Your instructions:
Transcribe every line below exactly; no image goes into the output.

*** Opening Source material ***

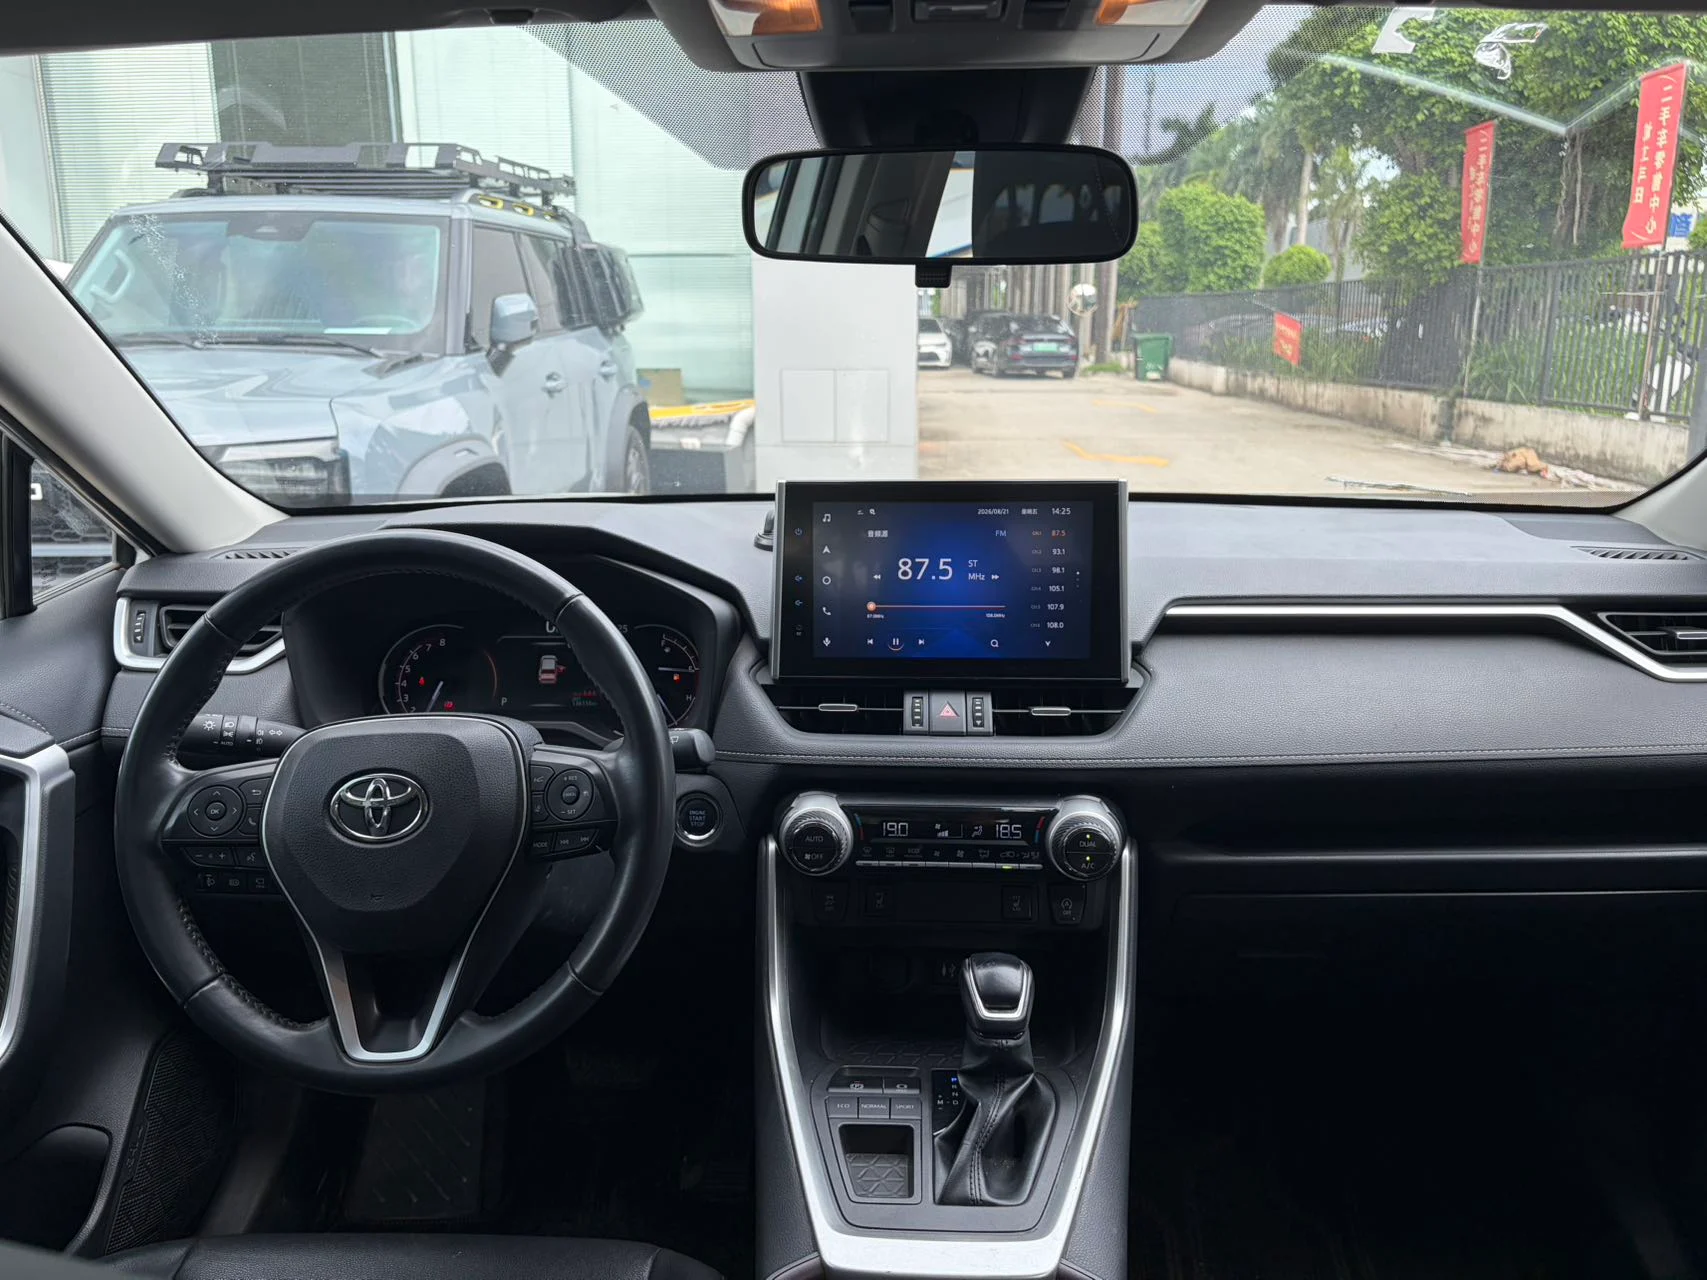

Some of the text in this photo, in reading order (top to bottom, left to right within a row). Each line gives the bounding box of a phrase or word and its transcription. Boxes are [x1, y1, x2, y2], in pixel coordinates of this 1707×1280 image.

[1051, 507, 1071, 515] 14:25
[995, 529, 1007, 537] FM
[1051, 529, 1066, 537] 87.5
[968, 559, 979, 568] ST
[897, 558, 953, 581] 87.5
[1051, 566, 1065, 574] 98.1
[1046, 621, 1065, 629] 108.0
[440, 638, 446, 646] 8
[405, 665, 411, 673] 5
[404, 694, 409, 702] 3
[501, 697, 507, 706] P
[995, 824, 1022, 839] 18.5
[805, 835, 824, 843] AUTO
[533, 841, 548, 849] MODE

*** Closing Source material ***

Response box:
Some of the text in this photo, in reading order (top to bottom, left to right within a row). Each line gives the bounding box of a phrase or word and its transcription. Boxes are [x1, y1, x2, y2], in pixel coordinates of this 1707×1280 image.

[1051, 507, 1071, 515] 14:25
[995, 529, 1007, 537] FM
[1051, 529, 1066, 537] 87.5
[968, 559, 979, 568] ST
[897, 558, 953, 581] 87.5
[1051, 566, 1065, 574] 98.1
[1046, 621, 1065, 629] 108.0
[440, 638, 446, 646] 8
[405, 665, 411, 673] 5
[404, 694, 409, 702] 3
[501, 697, 507, 706] P
[995, 824, 1022, 839] 18.5
[805, 835, 824, 843] AUTO
[533, 841, 548, 849] MODE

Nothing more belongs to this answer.